Questo approccio rivela un trend più ampio nella threat landscape: la convergenza tra credential access e abuso di servizi SaaS. Le piattaforme di collaborazione sono contemporaneamente il vettore di raccolta e il repository di credenziali, creando un ciclo che si autoalimenta. Un attaccante con accesso a Slack può trovare credenziali che danno accesso a sistemi che a loro volta contengono token per altri servizi.

Per i team di intelligence, il takeaway operativo è chiaro: monitorare i forum underground e i marketplace per la vendita di sessioni valide su piattaforme di collaborazione aziendale è un indicatore anticipatore.
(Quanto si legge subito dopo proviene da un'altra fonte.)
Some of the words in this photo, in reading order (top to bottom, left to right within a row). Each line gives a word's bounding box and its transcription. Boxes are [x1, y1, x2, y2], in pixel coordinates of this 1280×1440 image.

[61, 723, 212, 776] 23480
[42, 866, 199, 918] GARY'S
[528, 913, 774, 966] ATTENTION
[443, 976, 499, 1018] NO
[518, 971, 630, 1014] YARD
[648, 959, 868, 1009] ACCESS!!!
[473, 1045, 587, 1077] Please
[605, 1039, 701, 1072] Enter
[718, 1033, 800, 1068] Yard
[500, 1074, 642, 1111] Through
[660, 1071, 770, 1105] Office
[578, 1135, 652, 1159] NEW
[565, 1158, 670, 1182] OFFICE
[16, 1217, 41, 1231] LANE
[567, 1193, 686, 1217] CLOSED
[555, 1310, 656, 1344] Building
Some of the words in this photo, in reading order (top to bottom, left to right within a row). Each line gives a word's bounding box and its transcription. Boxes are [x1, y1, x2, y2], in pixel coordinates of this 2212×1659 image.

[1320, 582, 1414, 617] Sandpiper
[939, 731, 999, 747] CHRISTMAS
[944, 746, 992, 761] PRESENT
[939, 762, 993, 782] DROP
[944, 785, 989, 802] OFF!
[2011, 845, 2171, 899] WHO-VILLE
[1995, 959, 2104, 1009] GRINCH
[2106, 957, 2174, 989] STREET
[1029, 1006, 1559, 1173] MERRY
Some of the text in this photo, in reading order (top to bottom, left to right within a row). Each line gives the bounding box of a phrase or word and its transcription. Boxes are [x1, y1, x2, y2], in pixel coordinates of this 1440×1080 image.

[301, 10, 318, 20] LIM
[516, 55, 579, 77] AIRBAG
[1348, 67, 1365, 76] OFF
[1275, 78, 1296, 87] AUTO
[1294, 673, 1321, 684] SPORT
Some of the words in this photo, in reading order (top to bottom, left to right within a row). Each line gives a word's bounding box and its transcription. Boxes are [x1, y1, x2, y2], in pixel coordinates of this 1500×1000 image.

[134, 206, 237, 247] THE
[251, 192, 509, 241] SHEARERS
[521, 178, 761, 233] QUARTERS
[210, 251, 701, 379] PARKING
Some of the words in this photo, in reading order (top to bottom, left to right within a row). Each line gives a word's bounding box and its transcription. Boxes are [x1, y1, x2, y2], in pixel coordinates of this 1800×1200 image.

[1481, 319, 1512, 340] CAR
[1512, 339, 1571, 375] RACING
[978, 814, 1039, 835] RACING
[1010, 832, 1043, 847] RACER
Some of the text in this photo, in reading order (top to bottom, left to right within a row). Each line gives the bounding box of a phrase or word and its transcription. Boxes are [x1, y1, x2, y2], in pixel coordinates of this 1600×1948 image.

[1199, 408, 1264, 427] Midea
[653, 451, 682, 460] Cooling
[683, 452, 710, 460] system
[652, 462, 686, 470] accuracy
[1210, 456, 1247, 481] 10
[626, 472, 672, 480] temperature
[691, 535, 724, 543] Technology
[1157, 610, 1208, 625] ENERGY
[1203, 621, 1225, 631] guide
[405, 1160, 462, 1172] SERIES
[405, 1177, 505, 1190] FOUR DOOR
L'assenza di software catalogati per questa tecnica non significa assenza di tooling — significa che gli strumenti sono le API native delle piattaforme stesse, rendendo l'attribuzione e la detection significativamente più complesse.

La mitigazione M1017 (User Training) acquista qui un valore strategico: ridurre la quantità di credenziali presenti nei messaggi è l'unico controllo che agisce sulla root cause, non sul sintomo.

Framework MITRE ATT&CK: tecnica T1552.008, gruppo G1004, mitigazioni M1047 e M1017, detection DET0111 (analytics AN0309, AN0310). Integrato con conoscenza professionale per tool e procedure operative.